Available data:

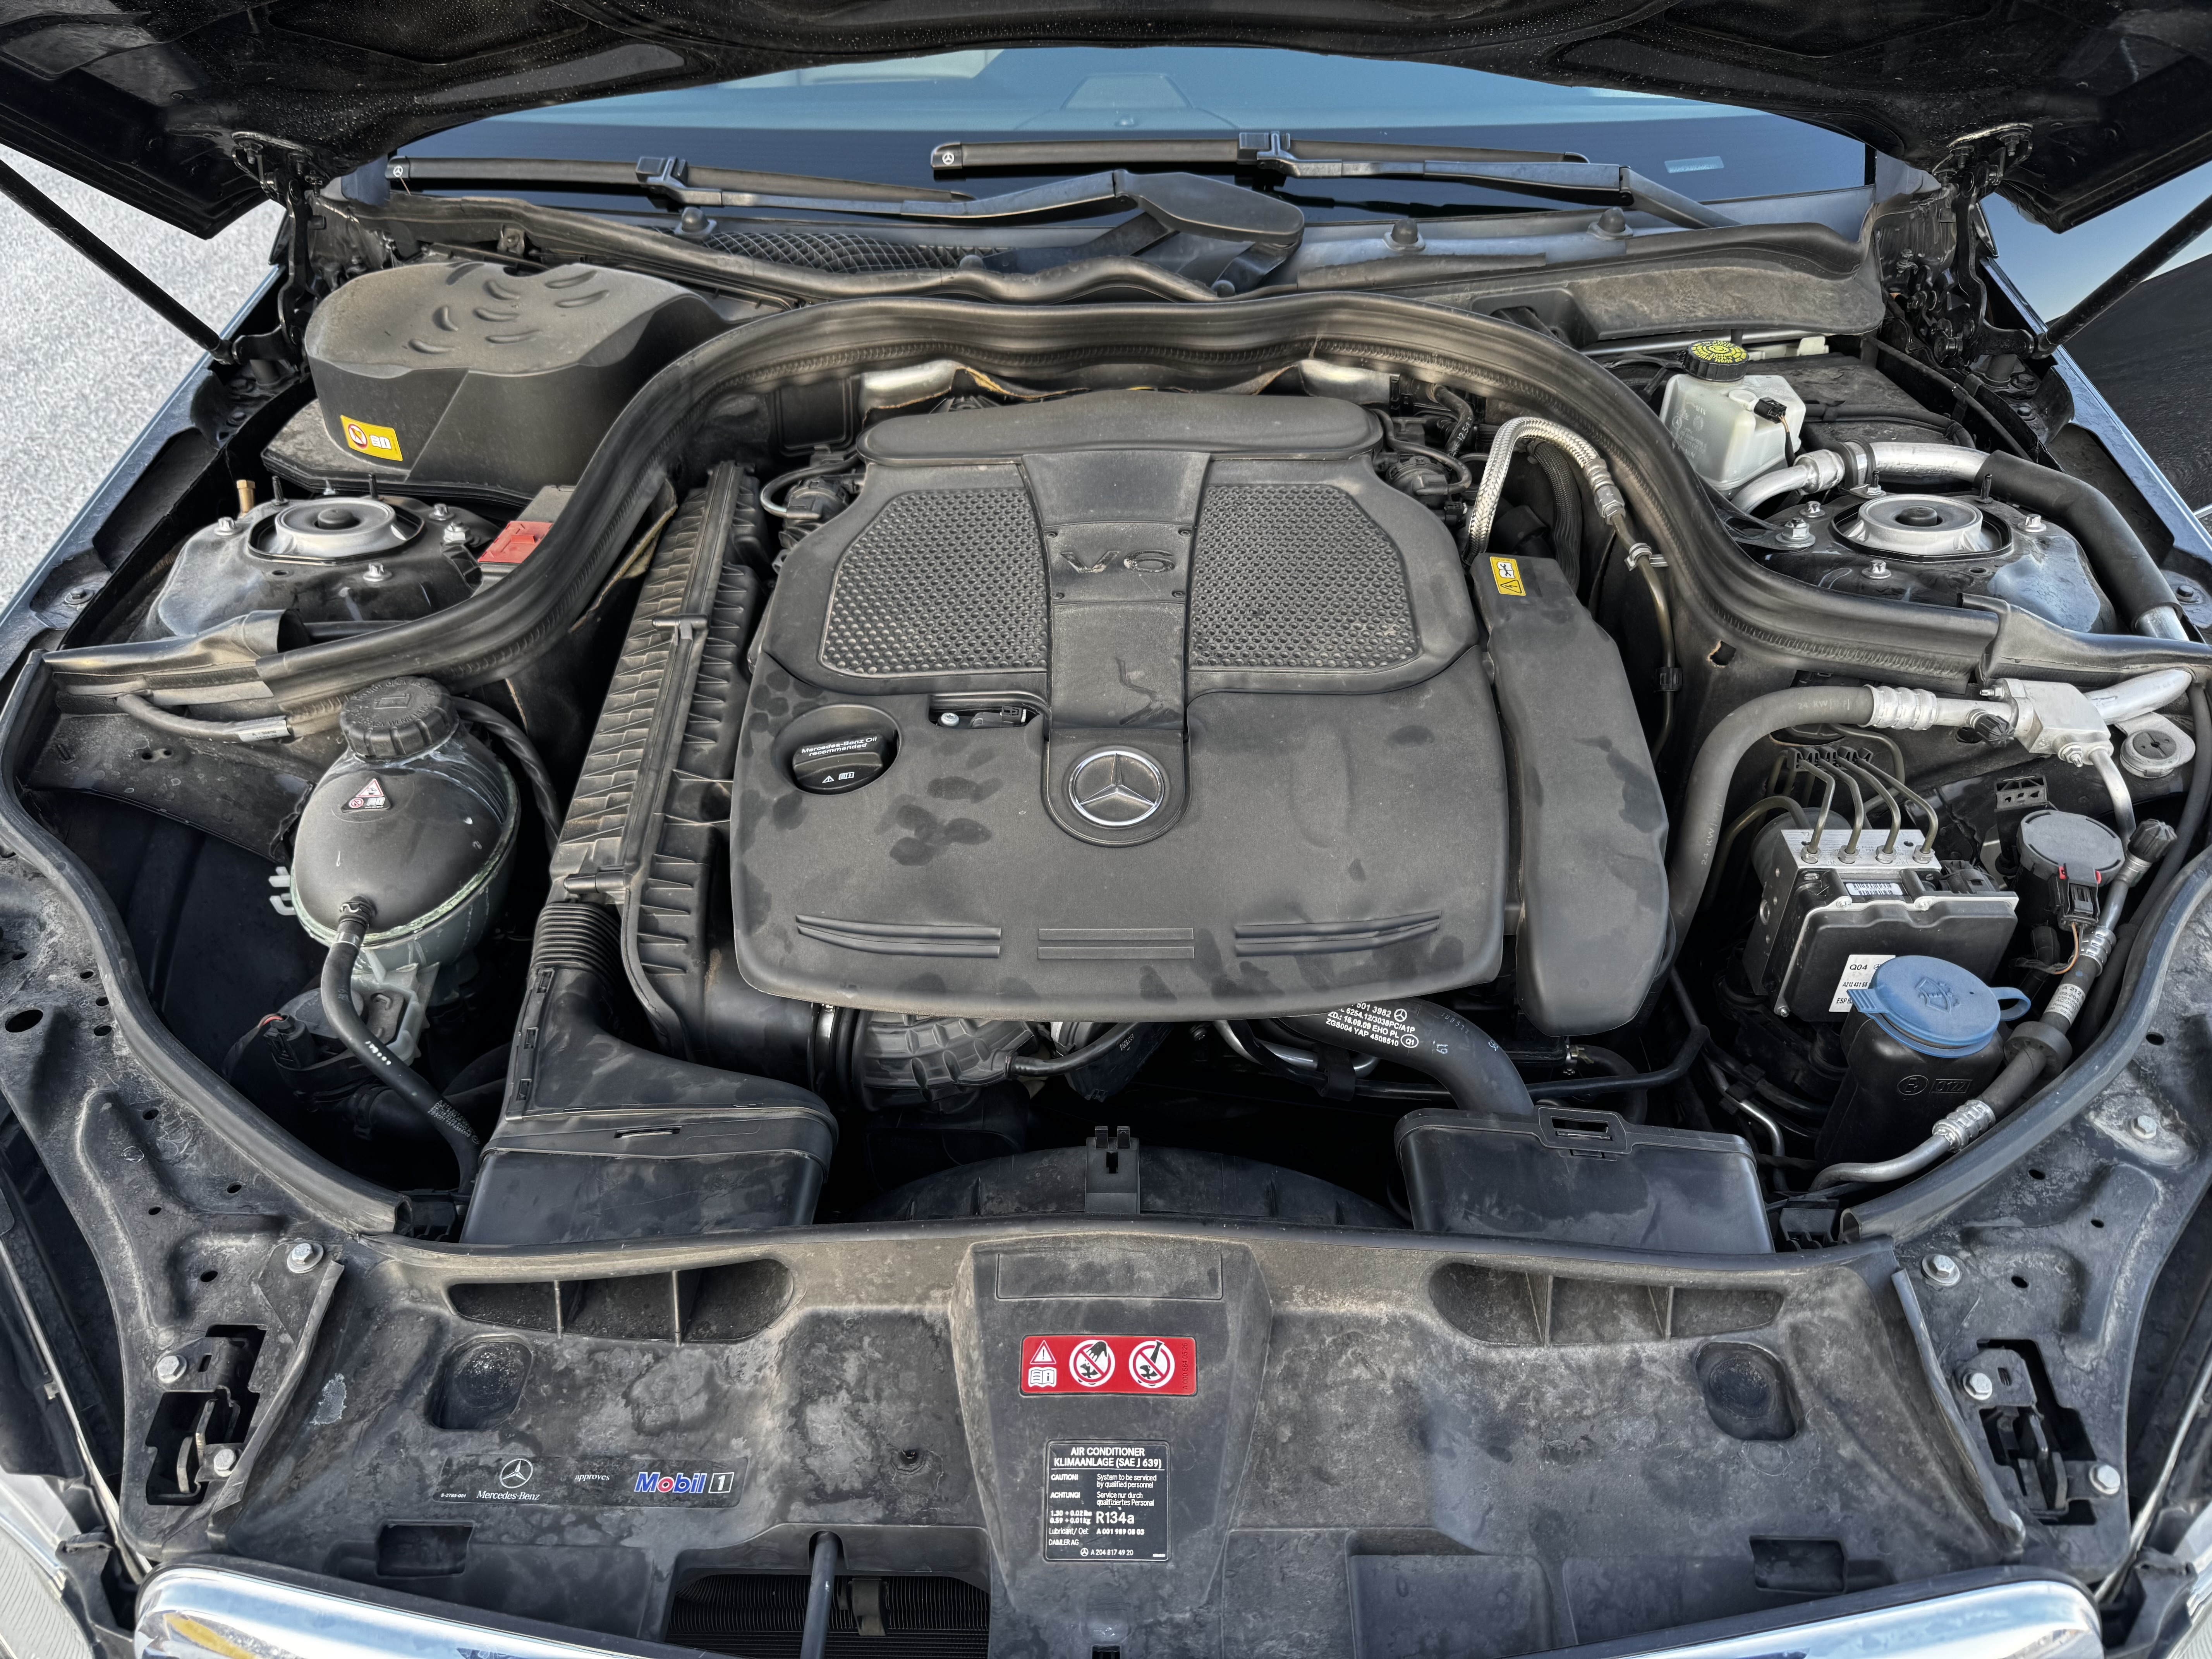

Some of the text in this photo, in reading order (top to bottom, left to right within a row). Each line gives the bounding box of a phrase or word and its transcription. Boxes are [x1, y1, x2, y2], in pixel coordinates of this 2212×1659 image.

[1060, 550, 1176, 574] V6
[801, 739, 864, 754] Mercedes-Benz
[809, 743, 867, 756] recommended
[1372, 1006, 1392, 1018] 3982
[1354, 1027, 1369, 1037] YAP
[1372, 1025, 1389, 1035] EHO
[1389, 1030, 1400, 1039] PL
[1070, 1447, 1145, 1456] AIR CONDITIONER
[1054, 1458, 1162, 1469] KLIMAANLAGE (SAE J 639)
[574, 1473, 610, 1482] approves
[634, 1471, 708, 1494] Mobil
[1097, 1474, 1117, 1482] System
[1097, 1481, 1104, 1489] by
[1105, 1481, 1127, 1489] qualified
[476, 1491, 541, 1501] Mercedes-Benz
[1096, 1499, 1130, 1507] qualifiziertes
[1083, 1517, 1091, 1525] kg
[1096, 1511, 1135, 1524] R134a

Instructions to follow:
Quote everything in the listing above exactly; pictures are the only thing to omit.

The answer:
Some of the text in this photo, in reading order (top to bottom, left to right within a row). Each line gives the bounding box of a phrase or word and its transcription. Boxes are [x1, y1, x2, y2], in pixel coordinates of this 2212×1659 image.

[1060, 550, 1176, 574] V6
[801, 739, 864, 754] Mercedes-Benz
[809, 743, 867, 756] recommended
[1372, 1006, 1392, 1018] 3982
[1354, 1027, 1369, 1037] YAP
[1372, 1025, 1389, 1035] EHO
[1389, 1030, 1400, 1039] PL
[1070, 1447, 1145, 1456] AIR CONDITIONER
[1054, 1458, 1162, 1469] KLIMAANLAGE (SAE J 639)
[574, 1473, 610, 1482] approves
[634, 1471, 708, 1494] Mobil
[1097, 1474, 1117, 1482] System
[1097, 1481, 1104, 1489] by
[1105, 1481, 1127, 1489] qualified
[476, 1491, 541, 1501] Mercedes-Benz
[1096, 1499, 1130, 1507] qualifiziertes
[1083, 1517, 1091, 1525] kg
[1096, 1511, 1135, 1524] R134a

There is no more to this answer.